TASK TO COMPLETE: Output exactly what appears from the line containing "this 1360×1148 image." to the end of the data below, and nothing more.

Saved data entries
________________________________________
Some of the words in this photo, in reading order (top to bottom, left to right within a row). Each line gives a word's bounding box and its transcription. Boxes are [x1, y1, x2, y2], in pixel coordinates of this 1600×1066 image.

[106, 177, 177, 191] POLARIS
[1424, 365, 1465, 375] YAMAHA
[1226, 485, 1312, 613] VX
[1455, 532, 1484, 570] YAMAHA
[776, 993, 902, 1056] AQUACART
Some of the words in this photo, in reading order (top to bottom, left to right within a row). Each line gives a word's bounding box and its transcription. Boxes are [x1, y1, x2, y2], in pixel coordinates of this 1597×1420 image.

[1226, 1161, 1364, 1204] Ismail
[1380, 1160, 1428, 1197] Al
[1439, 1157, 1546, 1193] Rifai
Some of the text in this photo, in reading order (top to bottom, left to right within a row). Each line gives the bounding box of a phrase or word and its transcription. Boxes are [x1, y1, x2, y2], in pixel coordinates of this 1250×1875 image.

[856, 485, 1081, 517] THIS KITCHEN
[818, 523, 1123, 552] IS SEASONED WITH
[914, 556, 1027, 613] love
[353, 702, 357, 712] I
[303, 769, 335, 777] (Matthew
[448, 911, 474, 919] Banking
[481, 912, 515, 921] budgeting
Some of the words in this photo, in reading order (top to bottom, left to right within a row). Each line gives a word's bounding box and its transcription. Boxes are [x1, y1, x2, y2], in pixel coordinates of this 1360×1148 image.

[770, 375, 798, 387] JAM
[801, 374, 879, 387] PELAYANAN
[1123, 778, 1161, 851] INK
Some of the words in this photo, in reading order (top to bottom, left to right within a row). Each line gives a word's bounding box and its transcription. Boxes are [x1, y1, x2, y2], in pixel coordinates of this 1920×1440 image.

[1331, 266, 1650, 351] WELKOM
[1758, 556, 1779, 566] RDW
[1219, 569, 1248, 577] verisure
________________________________________
ANSWER TO THE PROBLEM:
Some of the words in this photo, in reading order (top to bottom, left to right within a row). Each line gives a word's bounding box and its transcription. Boxes are [x1, y1, x2, y2], in pixel coordinates of this 1360×1148 image.

[770, 375, 798, 387] JAM
[801, 374, 879, 387] PELAYANAN
[1123, 778, 1161, 851] INK
Some of the words in this photo, in reading order (top to bottom, left to right within a row). Each line gives a word's bounding box and its transcription. Boxes are [x1, y1, x2, y2], in pixel coordinates of this 1920×1440 image.

[1331, 266, 1650, 351] WELKOM
[1758, 556, 1779, 566] RDW
[1219, 569, 1248, 577] verisure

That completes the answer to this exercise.